● **Assignment**:
All of the records below must be output exactly, with no pictures carried over.

● **Raw data**:
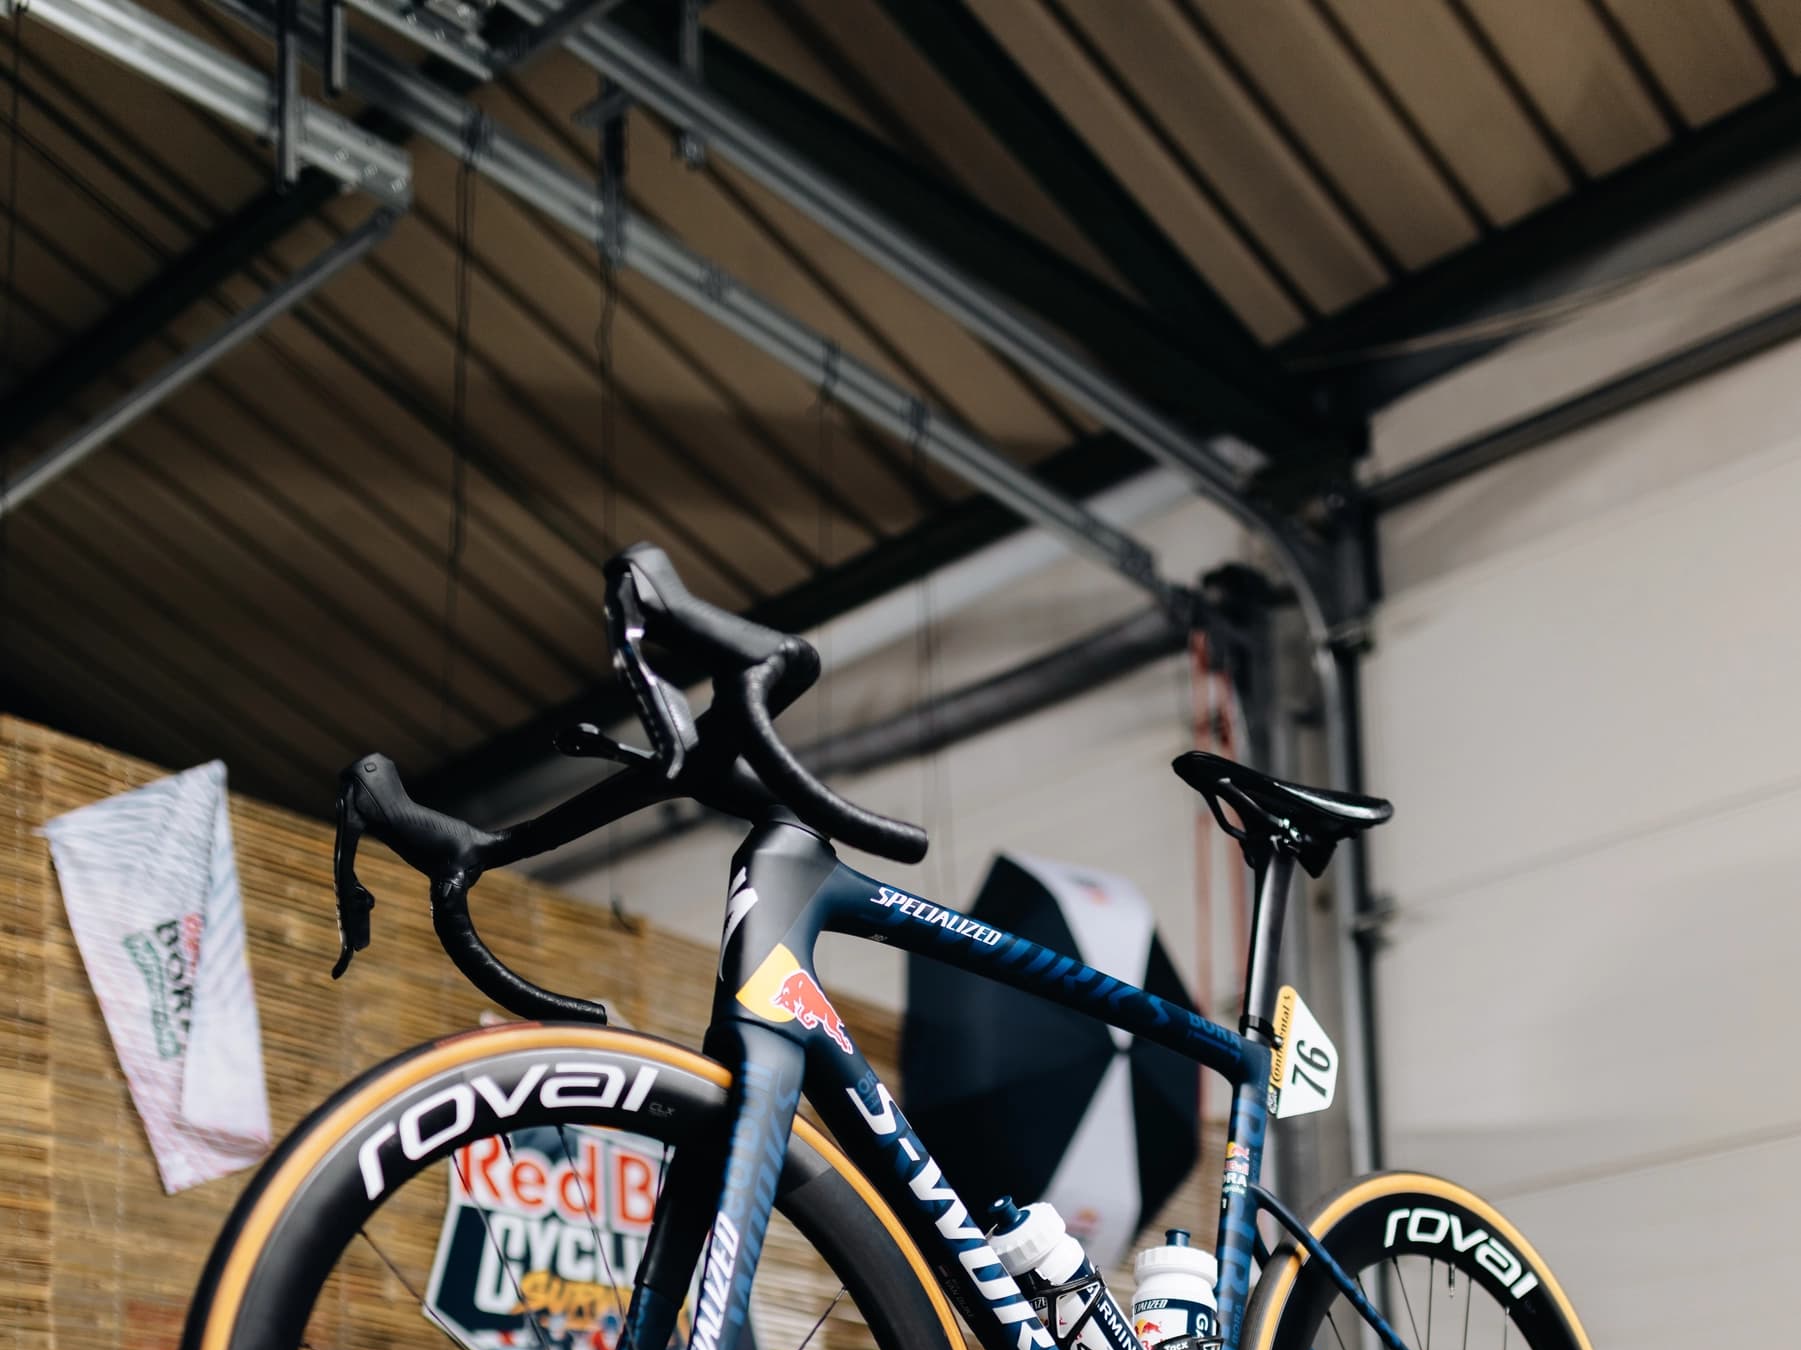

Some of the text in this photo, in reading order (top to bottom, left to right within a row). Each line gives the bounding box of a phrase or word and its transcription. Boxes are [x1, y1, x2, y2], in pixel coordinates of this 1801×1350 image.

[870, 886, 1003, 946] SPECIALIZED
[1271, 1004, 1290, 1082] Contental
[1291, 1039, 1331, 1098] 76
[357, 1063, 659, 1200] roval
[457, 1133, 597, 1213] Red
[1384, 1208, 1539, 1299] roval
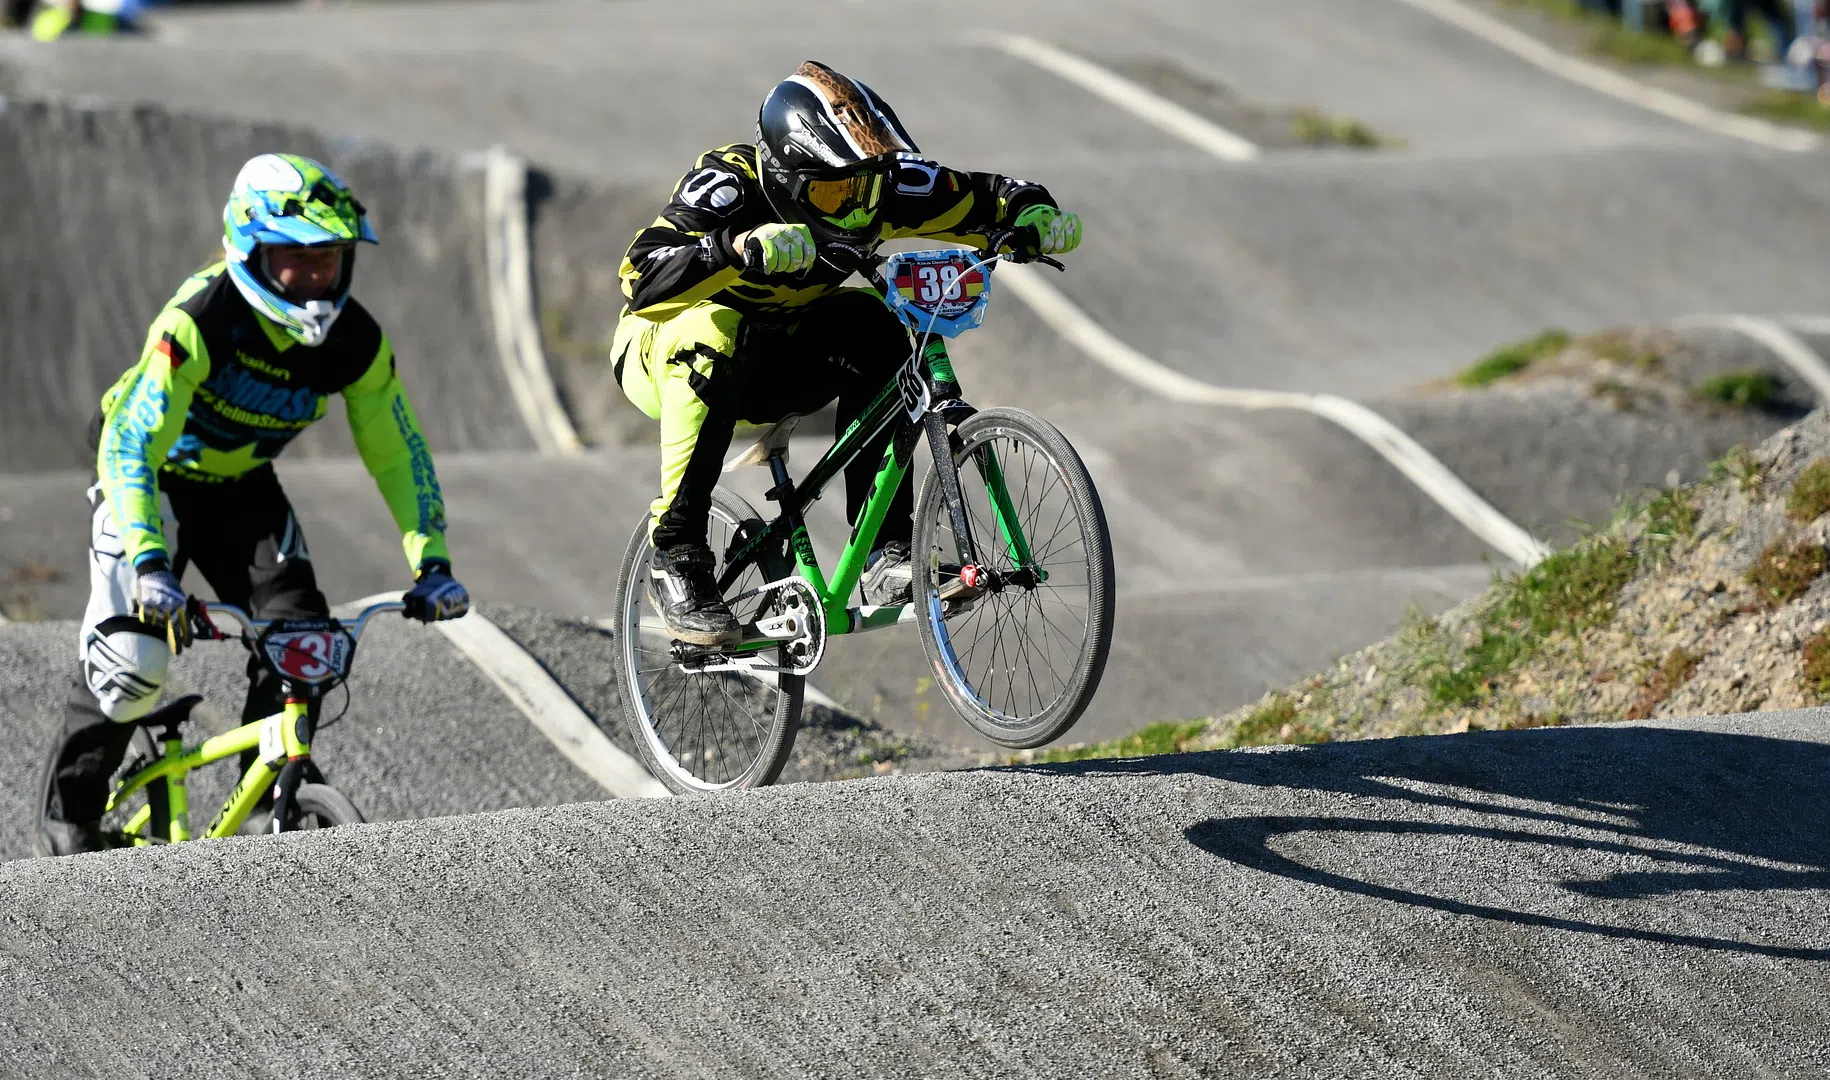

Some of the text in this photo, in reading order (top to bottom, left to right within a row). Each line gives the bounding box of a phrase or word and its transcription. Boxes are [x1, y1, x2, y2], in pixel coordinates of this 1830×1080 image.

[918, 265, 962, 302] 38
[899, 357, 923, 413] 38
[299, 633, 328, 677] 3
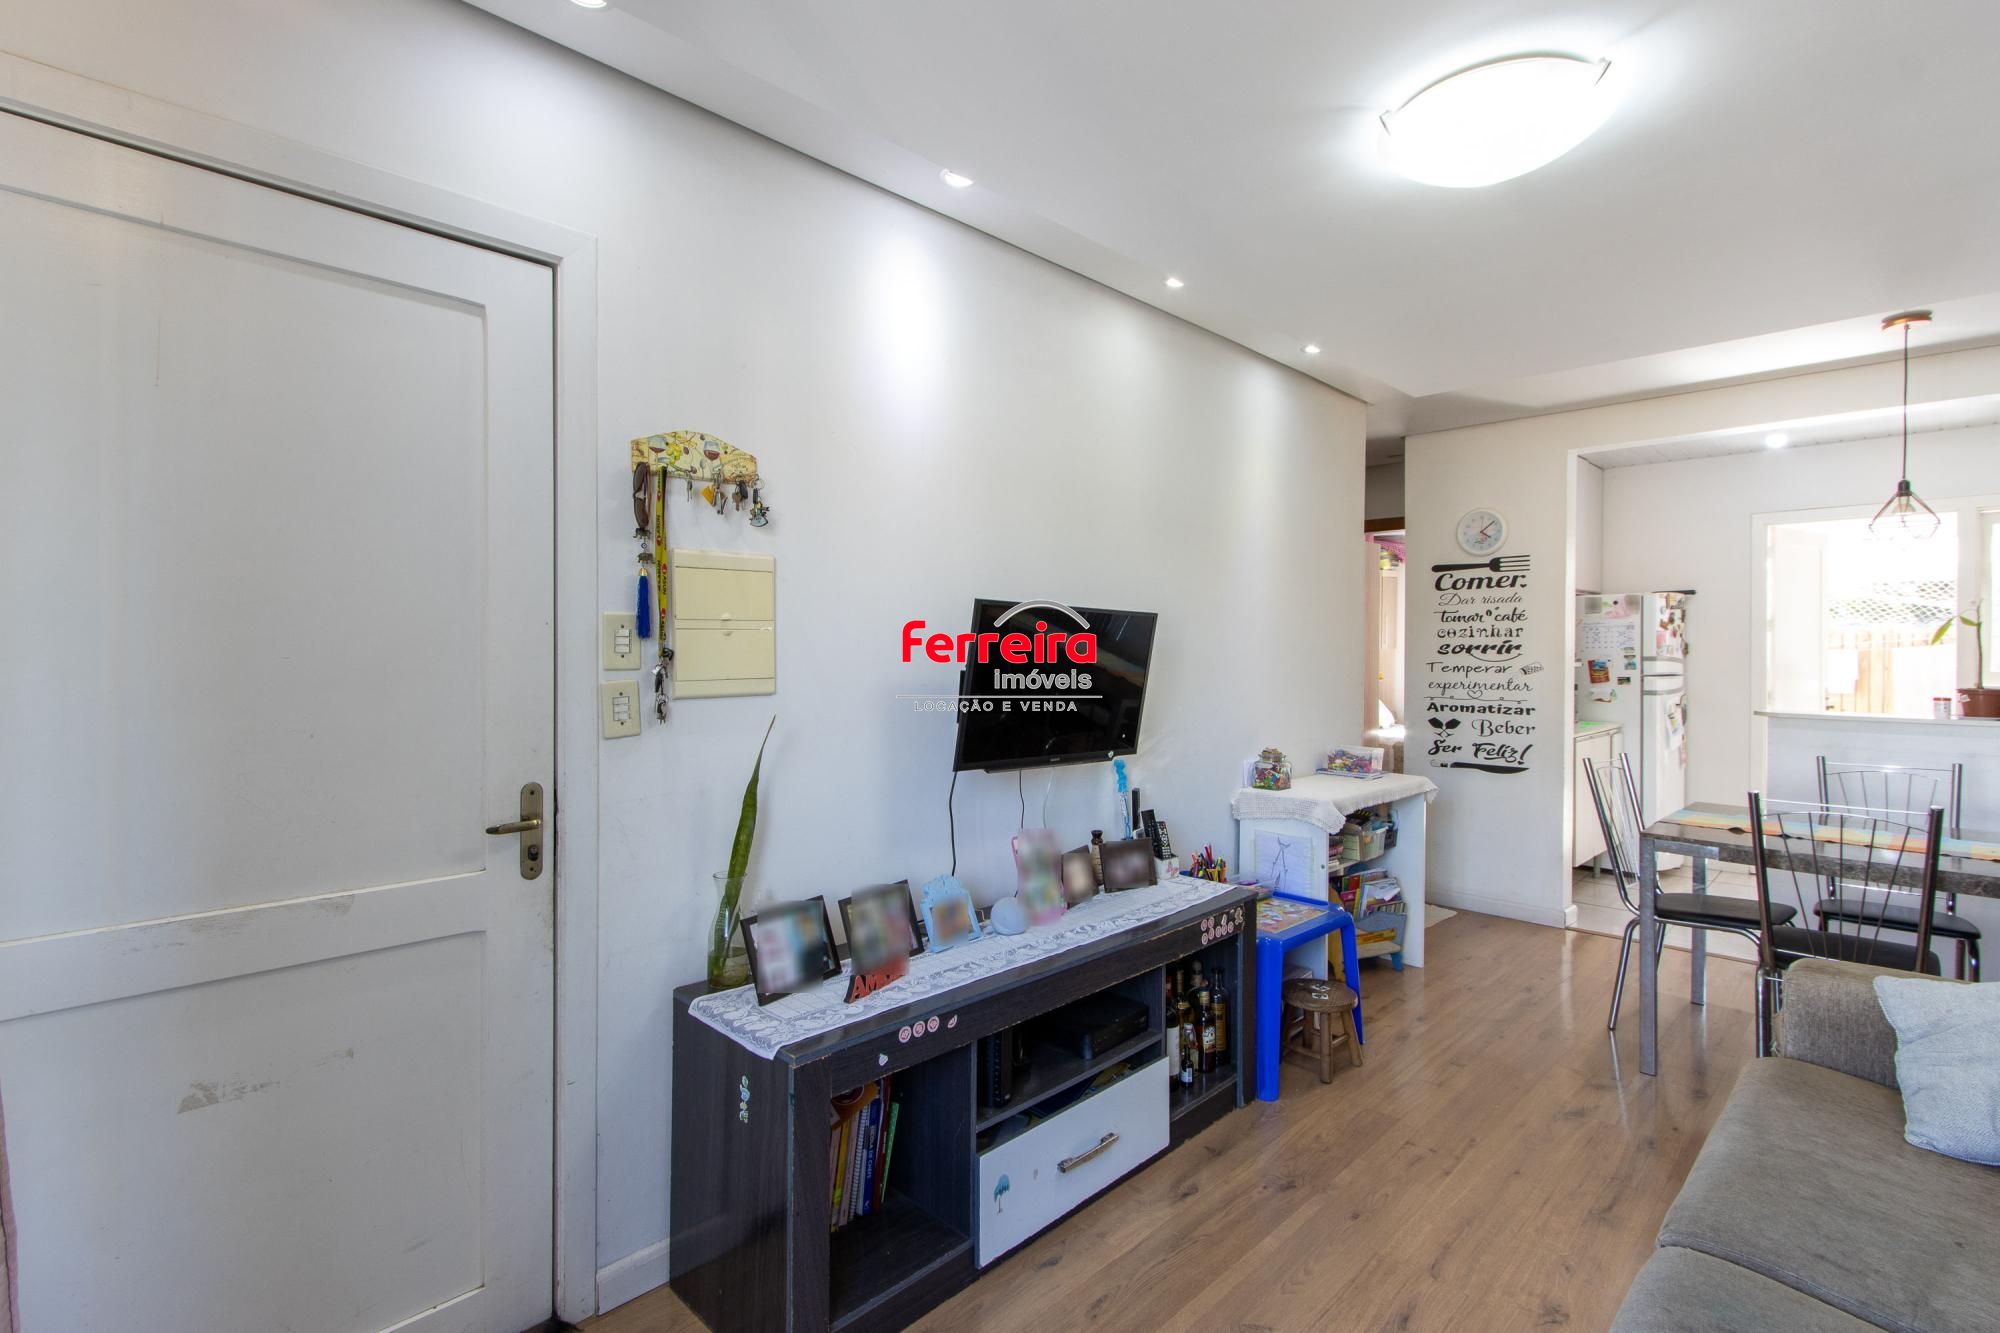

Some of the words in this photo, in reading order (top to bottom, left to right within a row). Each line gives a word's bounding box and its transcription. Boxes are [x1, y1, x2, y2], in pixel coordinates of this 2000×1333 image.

● **Answer to the problem**:
Some of the text in this photo, in reading order (top to bottom, left to right within a row). Each line gives the bounding box of a phrase or word and its transcription. Boxes are [x1, y1, x2, y2], in pixel coordinates of this 1801×1350 image.

[870, 886, 1003, 946] SPECIALIZED
[1271, 1004, 1290, 1082] Contental
[1291, 1039, 1331, 1098] 76
[357, 1063, 659, 1200] roval
[457, 1133, 597, 1213] Red
[1384, 1208, 1539, 1299] roval

Some of the text in this photo, in reading order (top to bottom, left to right within a row). Each line gives the bounding box of a phrase or word and its transcription. Boxes are [x1, y1, x2, y2], in pixel coordinates of this 1830×1080 image.

[918, 265, 962, 302] 38
[899, 357, 923, 413] 38
[299, 633, 328, 677] 3

Some of the words in this photo, in reading order (top to bottom, left to right within a row). Each line gives a word's bounding box and its transcription. Boxes are [x1, y1, x2, y2], in pixel coordinates of this 2000×1333 image.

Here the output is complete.